В этот момент к ним подошёл Легат. Сокольничий с озабоченным видом протянул ему руку, после чего снова обернулся через плечо на своего Зама:
– Дави их всех! – коротко распорядился начальник, не скрывая своего крайнего раздражения.
– Будет сделано, товарищ подполковник, – подобострастно заверил майор Рюмин.
– Вряд ли затеянный вами душ поможет, – откровенно высказал своё мнение Стас. – Так вы только ускорите расправу над вашей сотрудницей. Скоро зеки окончательно перестанут воспринимать вашу власть всерьёз.
– Хорошо, что ты предлагаешь?
– Что я предлагаю? Не утраивать клоунаду со шлангами, а поговорить с их смотрящим.
Пожилой служака удивлённо взглянул на шустрого паренька. И едва удержался, чтобы не съязвить: «Может мне прикажешь на поклон к «Монаху» отправляться?». Но ответил со всей серьёзностью:
– А ты не боишься последствий? «Монах» может расценить мой визит как проявление слабости. Всё-таки я здесь законная власть…
– Законная власть вскоре может станет он! – жёстко отрезал Стас. – Что касается остального…могу пойти я. Требуется лишь ваше согласие. Чтобы наделить меня полномочиями вести переговоры.
Сокольничий неприязненно подумал, что вообще-то капитан прав. Хуже всего, что он наверняка сумеет найти общий язык с паханами, которых он, подполковник Тимофей Сокольничий втайне боится до спазмов в животе. Ведь «Монах» только с виду такой спокойный и снисходительный. Его слово для большинства зеков – закон. В камерах полно отморозков, готовых выполнить любой приказ авторитетного вора. А в нынешней ситуации, когда тюремная система парализована, жизнь начальника тюрьмы уже не ценится так дорого, а со временем обесценится ещё больше. На первый план выходят такие вот сильные духом парни, как этот бывший капитан.
– …Хорошо, – не сразу согласился подполковник, – я прикажу отвести тебя к Монаху, можешь договариваться с ним от моего имени… И всё же рискованно это! И ответственность какая! Ты вот что, черкни мне свои соображение перед разговором на бумажку, обдумать это надо. А так я в принципе не возражаю…
Затянувшееся приключение с поисками девушки французского коллеги вымотало Ксению Звонарёву. Ведь они облазили чуть ли не весь парк Ботанического сада, прежде чем окончательно убедились, что поманивший их за собой след оказался ложным.
На обратном пути оператор Володя отстал.
– Вы идите, а я тут кое-что поснимаю и догоню вас, – сказал он, прежде чем исчезнуть со своей видеокамерой, с которой был неразлучен, в зарослях густого кустарника. Договорились встретится возле машины.
Вот и знакомый «Фольксваген» с большим оранжевым пропуском «Французское телевидение» на лобовом стекле. Только ещё не так давно вышагивавший здесь неподалёку молоденький постовой куда-то исчез. Странно. Ведь если его сменили, то почему не поставили другого полицейского охранять место преступления? И куда подевались мертвецы со двора сгоревшего замка? Не могли же они сами уйти…
В ожидании оператора журналисты сели в машину. Брюийо не сводил тоскливых глаз со своего телефона, на экране которого в качестве заставки стояло фото миловидной молодой девушки с распущенными волосами, и подавленно молчал.

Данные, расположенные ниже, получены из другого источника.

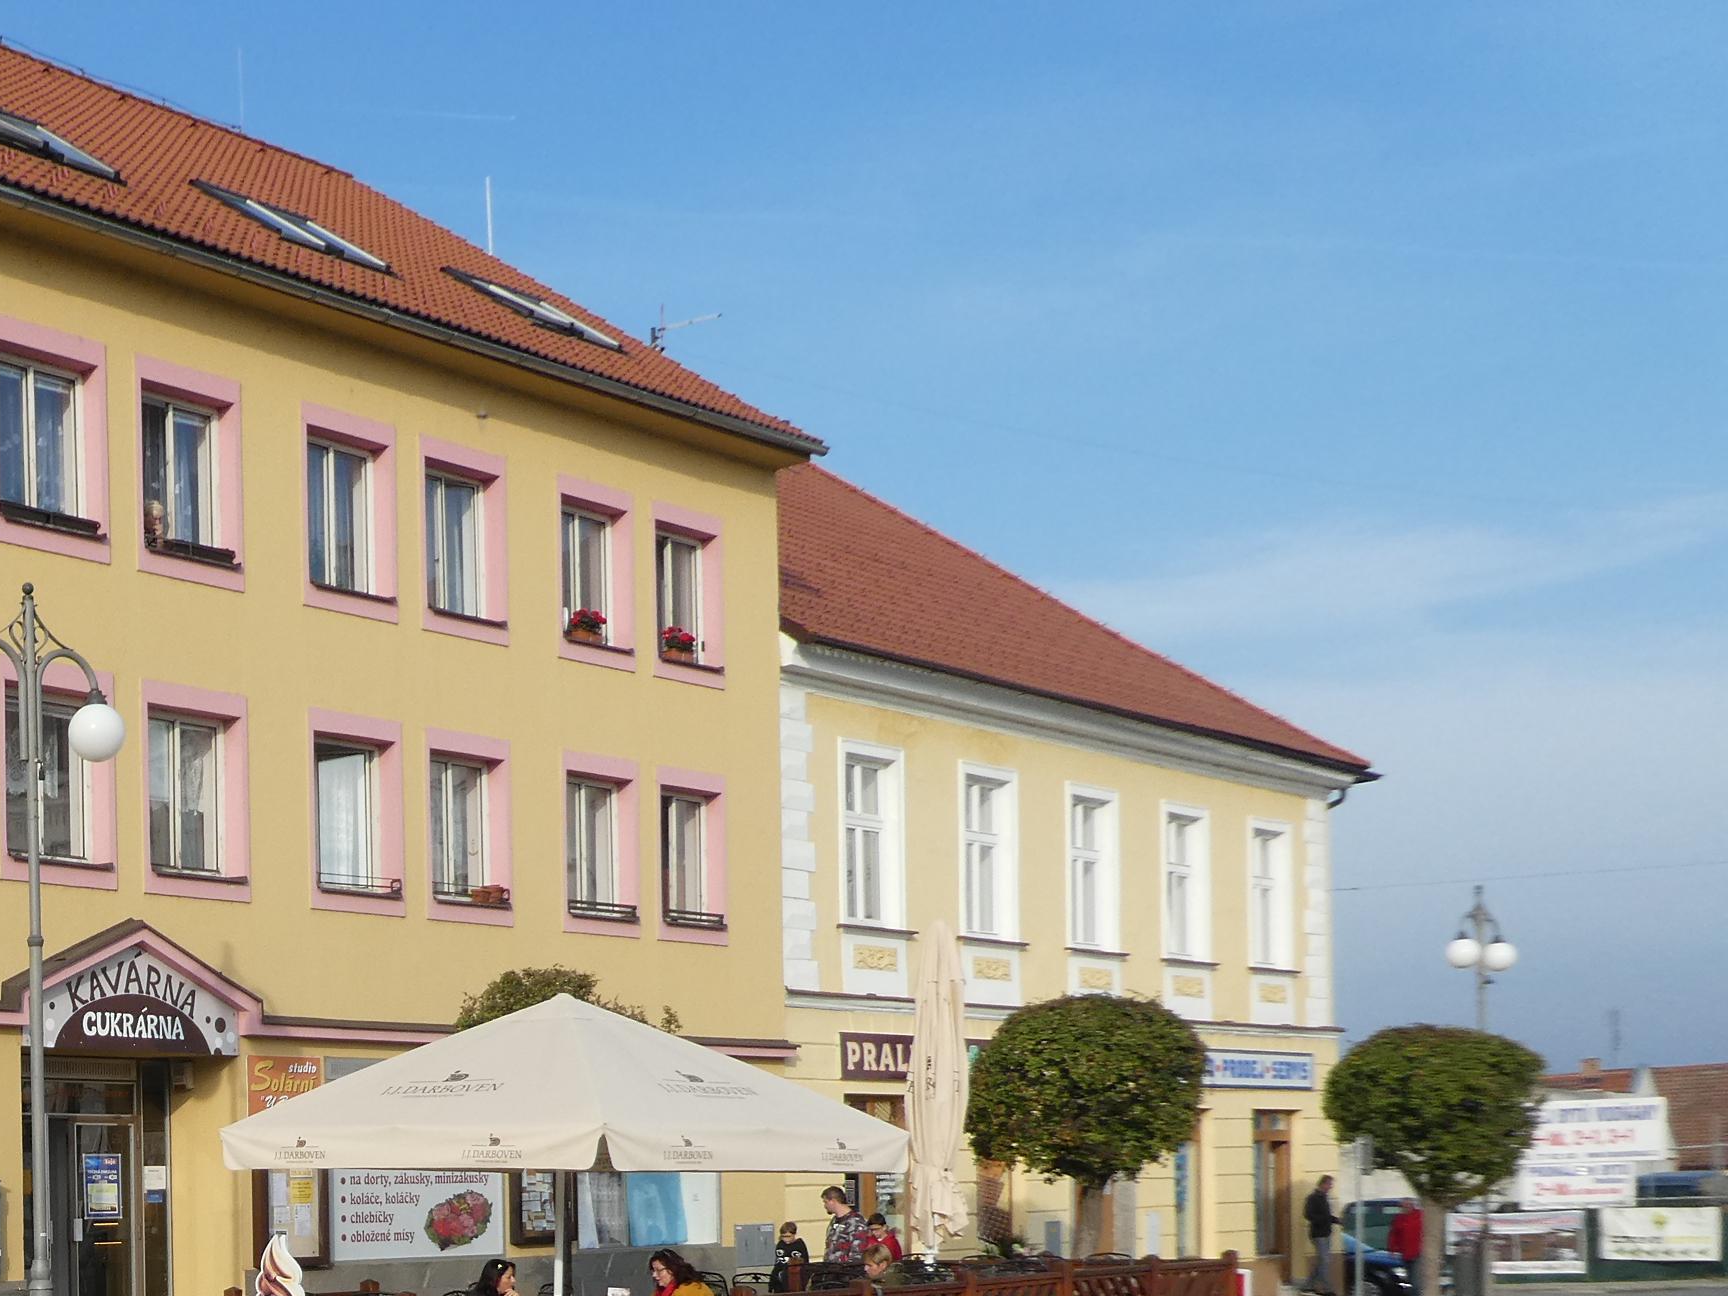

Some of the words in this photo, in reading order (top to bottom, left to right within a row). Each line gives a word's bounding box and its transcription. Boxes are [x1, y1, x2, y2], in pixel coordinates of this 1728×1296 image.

– Это она? – деликатно спросила Ксения.
Брюийо удручённо кивнул, по его небритой щеке сбежала слеза. Ксении пришлось по-матерински обнять его, и взрослый мужчина разрыдался у неё на её плече, как ребёнок.

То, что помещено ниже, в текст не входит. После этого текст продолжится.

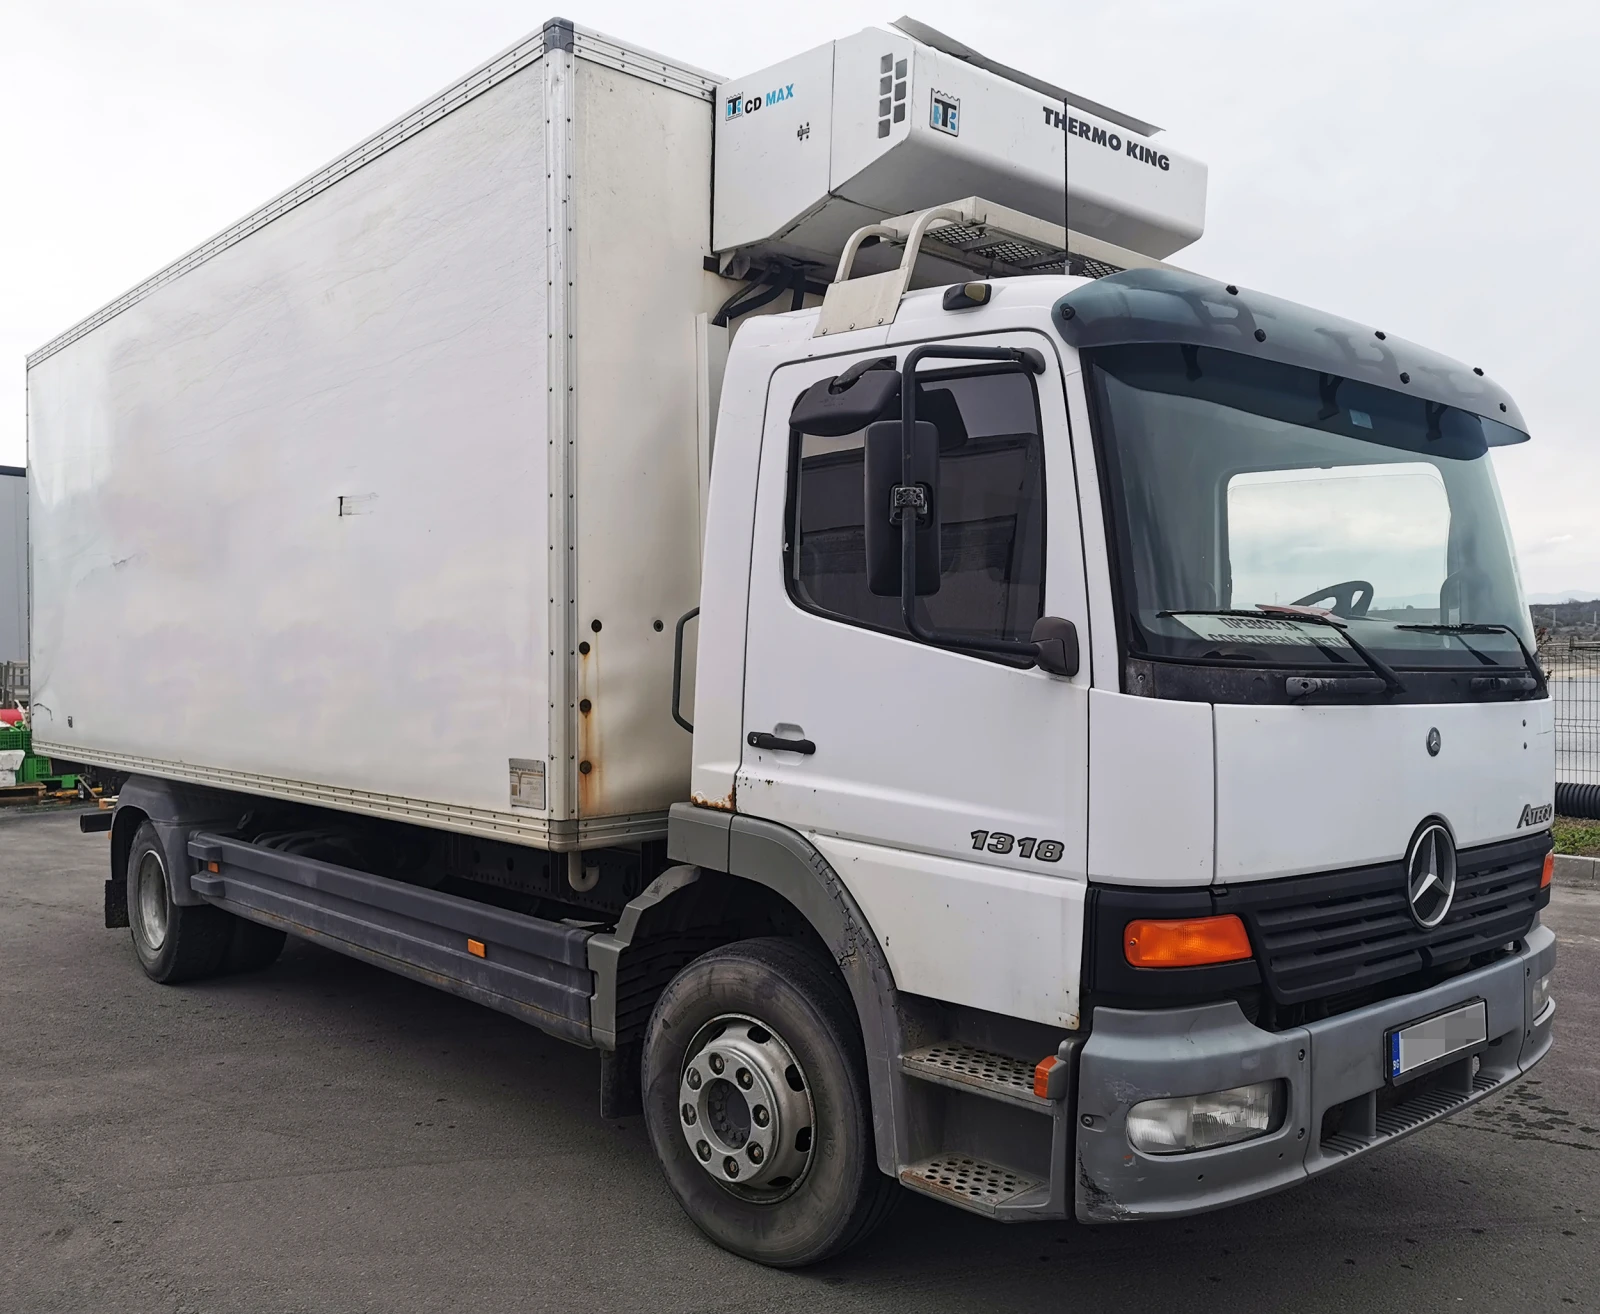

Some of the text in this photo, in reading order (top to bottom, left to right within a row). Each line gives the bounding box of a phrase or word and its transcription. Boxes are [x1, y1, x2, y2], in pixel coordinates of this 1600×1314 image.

[744, 96, 762, 114] CD
[765, 83, 794, 107] MAX
[1042, 106, 1170, 171] THERMO KING
[1217, 617, 1304, 632] ПРЕВОЗ ЗА
[970, 829, 1065, 862] 1318

– Не отчаивайся, Доминик, – утешала Ксения, гладя его курчавые волосы. – Её ведь зову Надежда. Считай это добрым знаком.
– Тебе этого не понять! Мне так одиноко, – пожаловался француз и капризно высвободился из её объятий.

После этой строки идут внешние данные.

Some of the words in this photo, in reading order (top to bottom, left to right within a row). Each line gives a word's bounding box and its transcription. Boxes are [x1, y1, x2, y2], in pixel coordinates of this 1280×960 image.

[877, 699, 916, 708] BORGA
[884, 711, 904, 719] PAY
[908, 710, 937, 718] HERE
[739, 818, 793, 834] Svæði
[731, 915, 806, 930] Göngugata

– Ну почему же не понять… – Ксения щёлкнула зажигалкой, желая прикурить, но передумала и выбросила сигарету в окошко. – Поверь, что такое одиночество, мне отлично известно. Это как на плоту в океане – вокруг вода, бесконечно много воды, а ты медленно сходишь с ума от жажды… Поэтому чтобы окончательно не свихнуться, я решила завести себе подружку или дружка. – Женщина выразительно указала взглядом на собственный живот.
– Ты беременна?! О, Боже! Как я не заметил? – воскликнул ошарашенный француз и всплеснул руками. Живот и в самом деле у неё пока не слишком заметно подрос, хотя срок беременности был уже не маленький.
– Вот именно, Боже, – грустно усмехнулась Звонарёва. – Мне ведь уже 37. Раньше было всё некогда, на первом месте всегда карьера стояла. А недавно вдруг ясно так осознала, что меня ждёт, и стало страшно. На горизонте уже сороковник и останусь я одна в пустой квартире… Только будущего папашу решила не ставить в известность.
– Почему? Он же отец. Может, всё-таки стоит обрадовать его?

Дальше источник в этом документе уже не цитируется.